With the pictures omitted, write out the entries that follow exactly as they stand.
#### Excerpted data ####
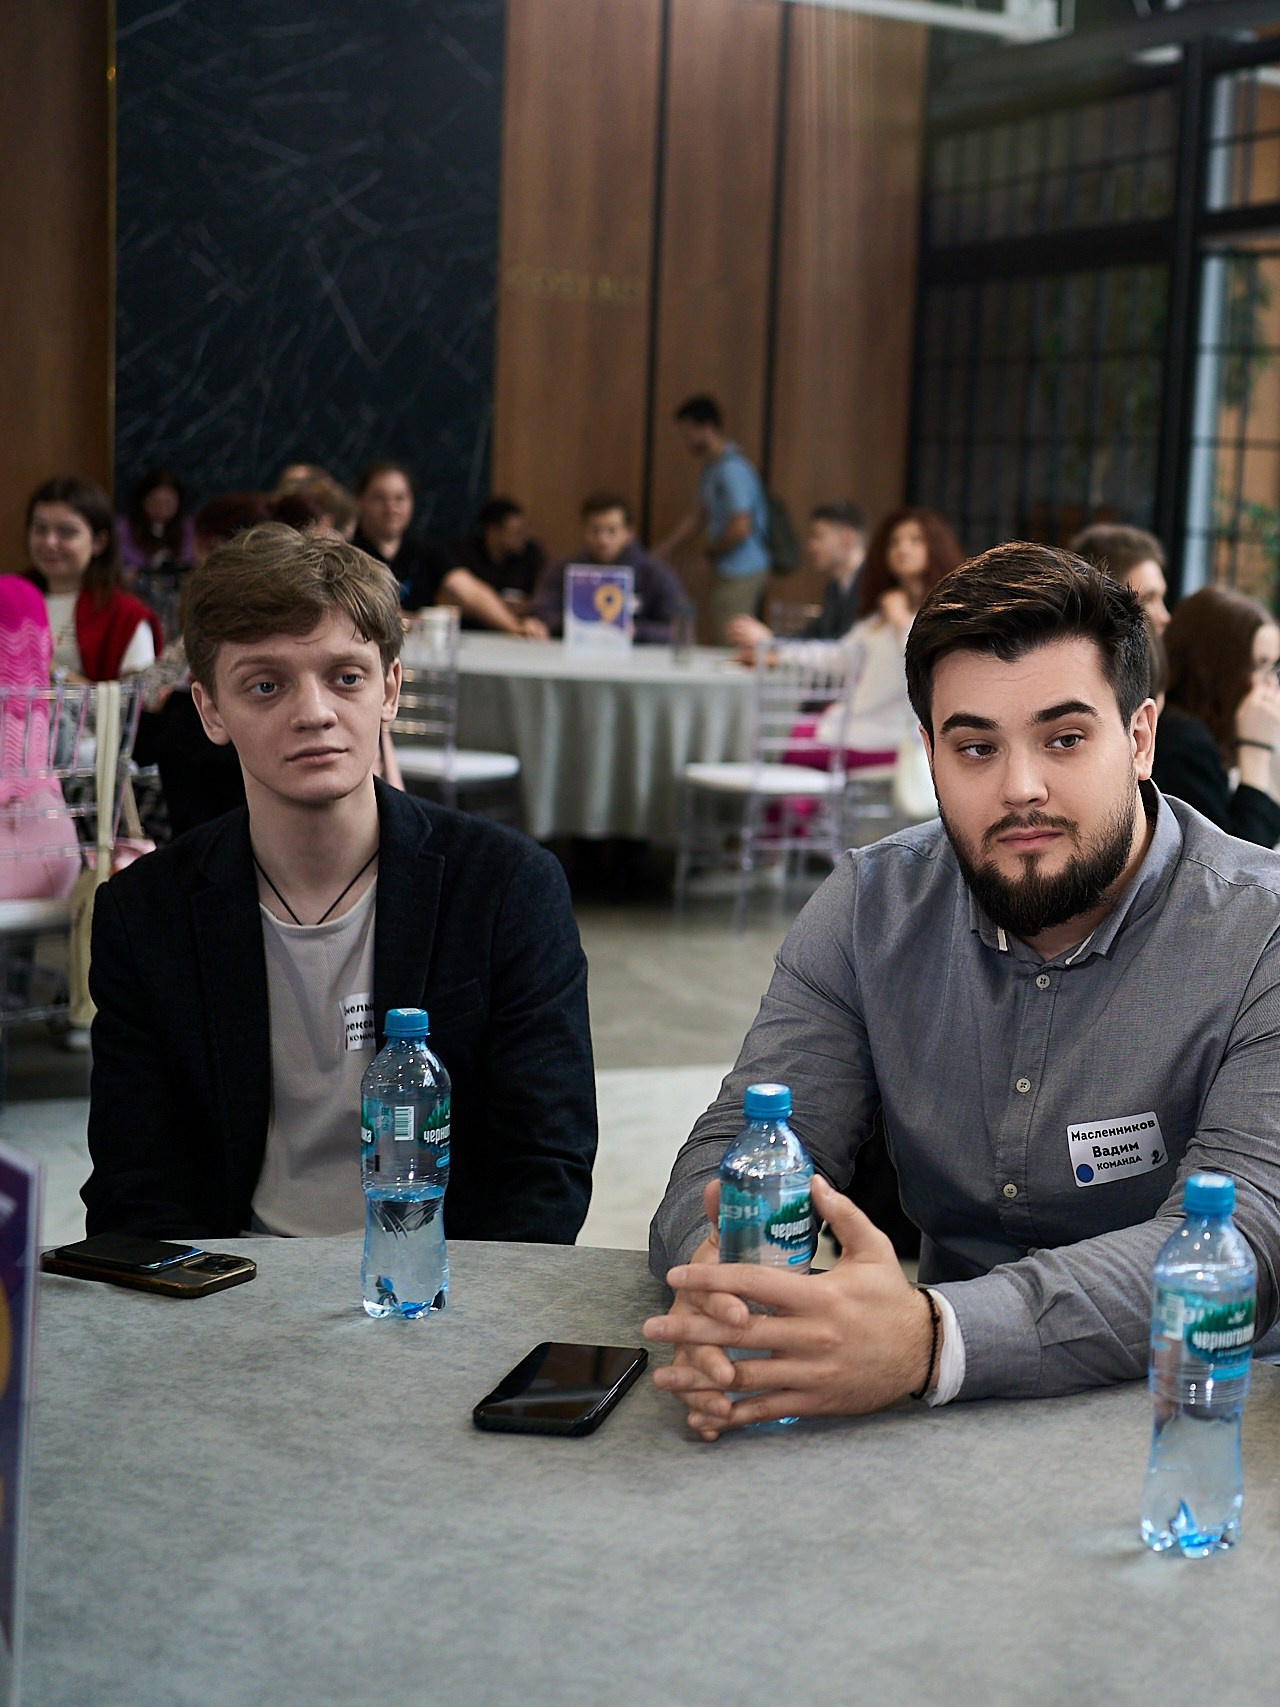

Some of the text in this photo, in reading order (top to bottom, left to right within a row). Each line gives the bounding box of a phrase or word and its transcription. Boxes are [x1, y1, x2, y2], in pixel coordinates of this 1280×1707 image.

[1071, 1120, 1155, 1141] Масленников
[1092, 1142, 1139, 1158] Вадим
[1097, 1155, 1142, 1170] КОМАНДА
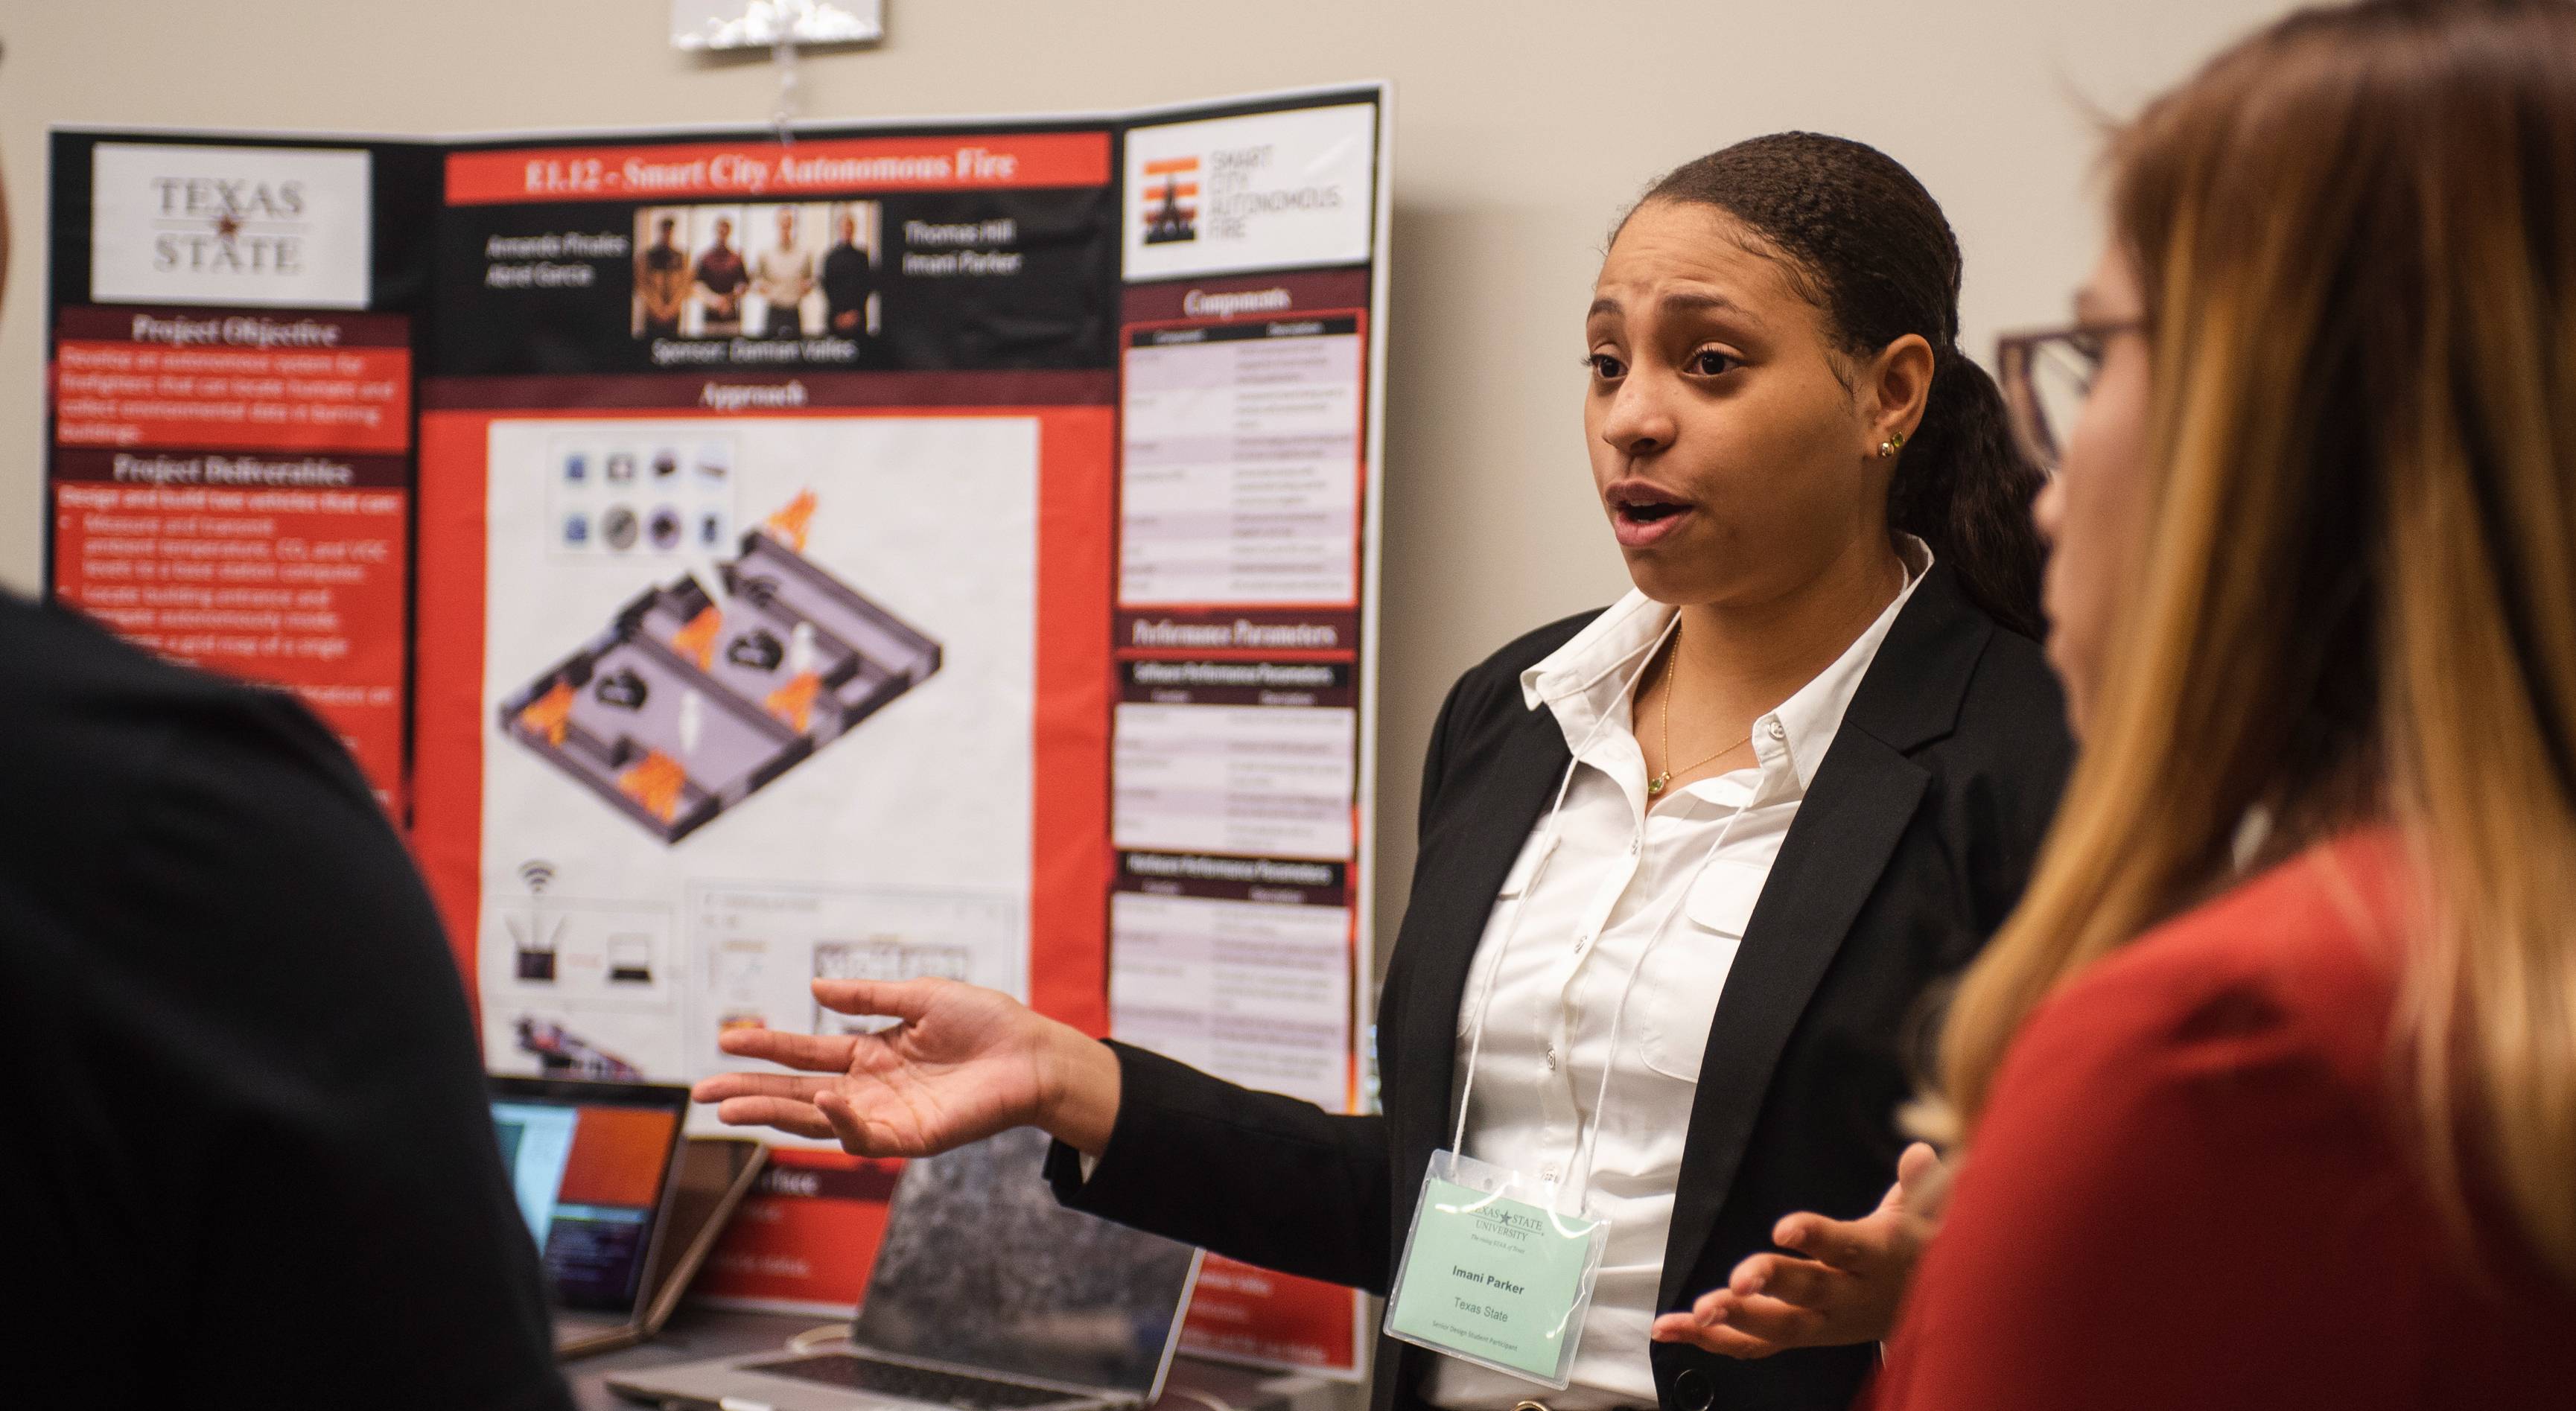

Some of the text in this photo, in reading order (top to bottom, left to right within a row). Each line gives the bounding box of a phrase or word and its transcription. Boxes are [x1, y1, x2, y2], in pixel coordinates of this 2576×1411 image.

[525, 157, 600, 192] E1.12
[624, 156, 705, 190] Smart
[709, 153, 775, 193] City
[778, 151, 952, 186] Autonomous
[956, 147, 1020, 180] Fire
[1209, 145, 1273, 171] SMART
[153, 176, 305, 217] TEXAS
[1209, 186, 1343, 217] AUTONOMOUS
[905, 217, 1016, 245] Thomas Hill
[1209, 217, 1247, 240] FIRE
[153, 235, 302, 275] STATE
[903, 250, 1023, 275] Imani Parker
[534, 261, 594, 287] Garcia
[1184, 289, 1292, 319] Components
[133, 315, 340, 346] Project Objective
[651, 336, 859, 366] Sponsor: Damian Valles
[699, 378, 808, 411] Approach
[114, 454, 353, 486] Project Deliverables
[1133, 619, 1338, 647] Performance Parameters
[1475, 1219, 1528, 1241] UNIVERSITY
[1512, 1214, 1543, 1231] STATE
[1452, 1265, 1525, 1295] Imani Parker
[1454, 1296, 1508, 1322] Texas State
[1432, 1320, 1518, 1352] Senior Design Student Participant
####
Task answer »
Some of the text in this photo, in reading order (top to bottom, left to right within a row). Each line gives the bounding box of a phrase or word and its transcription. Boxes are [x1, y1, x2, y2], in pixel coordinates of this 1280×1707 image.

[1071, 1120, 1155, 1141] Масленников
[1092, 1142, 1139, 1158] Вадим
[1097, 1155, 1142, 1170] КОМАНДА

Some of the text in this photo, in reading order (top to bottom, left to right within a row). Each line gives the bounding box of a phrase or word and its transcription. Boxes are [x1, y1, x2, y2], in pixel coordinates of this 2576×1411 image.

[525, 157, 600, 192] E1.12
[624, 156, 705, 190] Smart
[709, 153, 775, 193] City
[778, 151, 952, 186] Autonomous
[956, 147, 1020, 180] Fire
[1209, 145, 1273, 171] SMART
[153, 176, 305, 217] TEXAS
[1209, 186, 1343, 217] AUTONOMOUS
[905, 217, 1016, 245] Thomas Hill
[1209, 217, 1247, 240] FIRE
[153, 235, 302, 275] STATE
[903, 250, 1023, 275] Imani Parker
[534, 261, 594, 287] Garcia
[1184, 289, 1292, 319] Components
[133, 315, 340, 346] Project Objective
[651, 336, 859, 366] Sponsor: Damian Valles
[699, 378, 808, 411] Approach
[114, 454, 353, 486] Project Deliverables
[1133, 619, 1338, 647] Performance Parameters
[1475, 1219, 1528, 1241] UNIVERSITY
[1512, 1214, 1543, 1231] STATE
[1452, 1265, 1525, 1295] Imani Parker
[1454, 1296, 1508, 1322] Texas State
[1432, 1320, 1518, 1352] Senior Design Student Participant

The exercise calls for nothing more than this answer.